Former chair of the influential 1922 Committee, Graham Brady, has tabled an amendment that would give parliament the final say over the imposition of further Covid regulations, after backbenchers complained Johnson was ruling by “diktat”.
Brady “held discussions last night with Jacob Rees-Mogg, leader of the Commons, over a compromise [that] would give MPs a vote before or immediately after rules came in”, The Times reports. More talks are expected today, but The Telegraph says that the rebels are confident “they had secured major concessions”.
Ex-chief whip and Brady ally, Tory MP Mark Harper, said that “if there’s no compromise… and there’s a vote on [Brady’s] amendment, the government will lose, I think that is certain, which is why I’m hopeful that there will be a compromise”.

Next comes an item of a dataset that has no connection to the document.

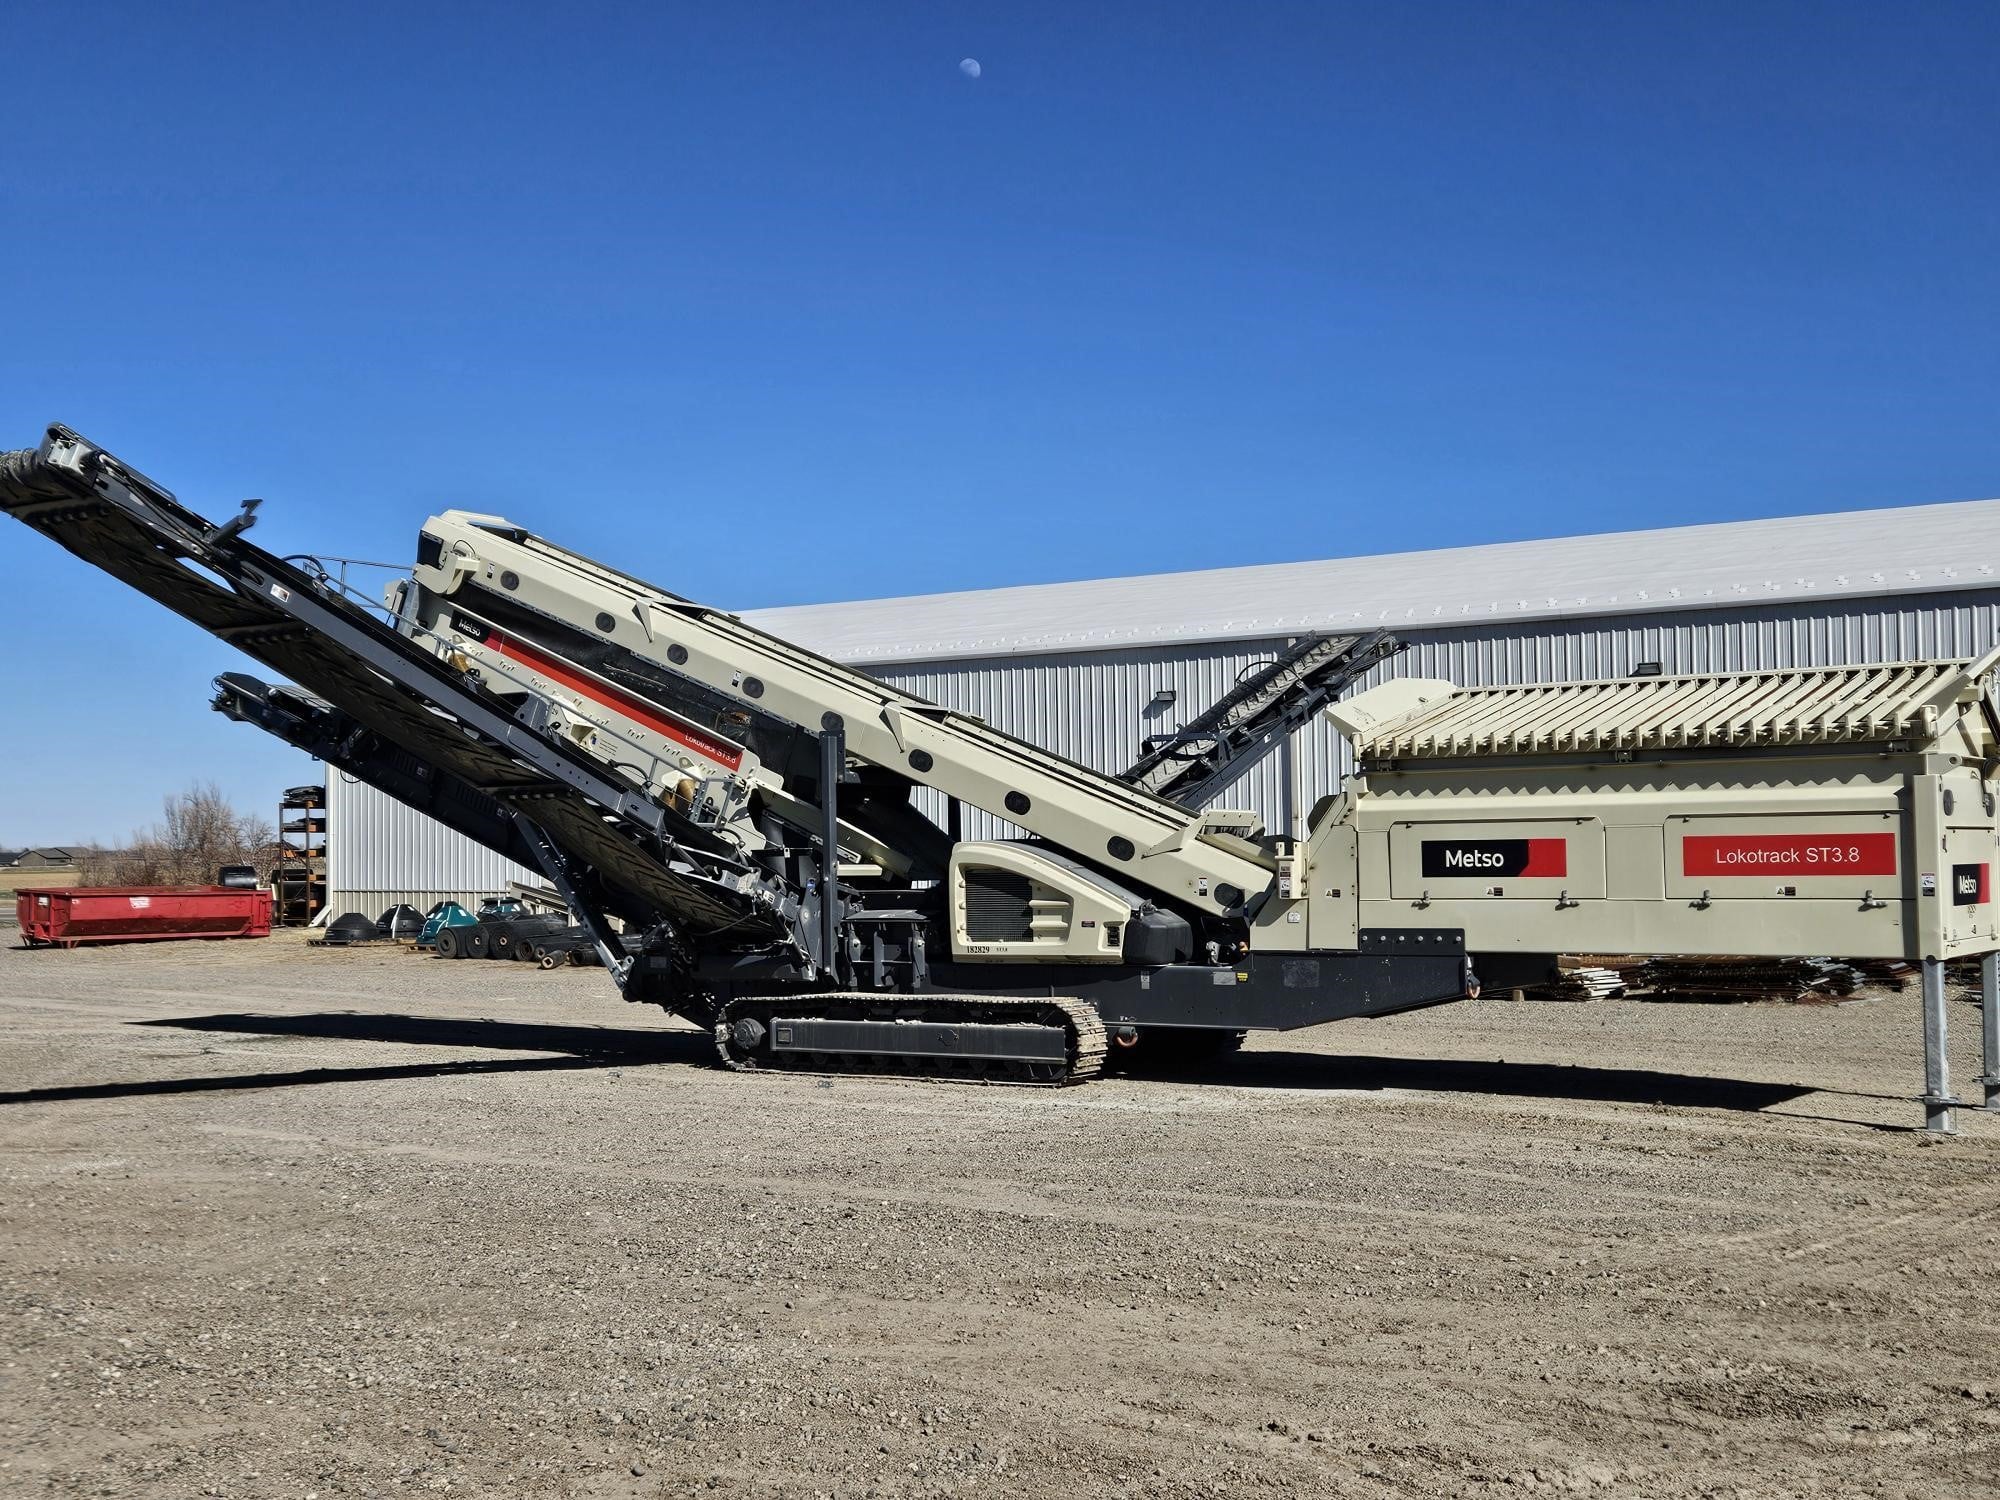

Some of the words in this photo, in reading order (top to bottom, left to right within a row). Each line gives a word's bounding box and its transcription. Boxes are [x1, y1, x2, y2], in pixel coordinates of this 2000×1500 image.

And in an interview on BBC Radio 4’s Today programme, former chair of the European Research Group, Steve Baker, this morning “gave a clue as to the possible basis of a deal between ministers and backbenchers”, The Guardian says.
Baker said there is a “common understanding” that the government must be able to “retain the capacity for swift and effective action” and that “we shouldn’t be creating opportunities for vexatious opportunism from the opposition parties”.
But he suggested that ministers have acknowledged the need for “prior approval of measures, major measures on a national scale, and indeed I think on a regional scale, which take away people’s liberties”.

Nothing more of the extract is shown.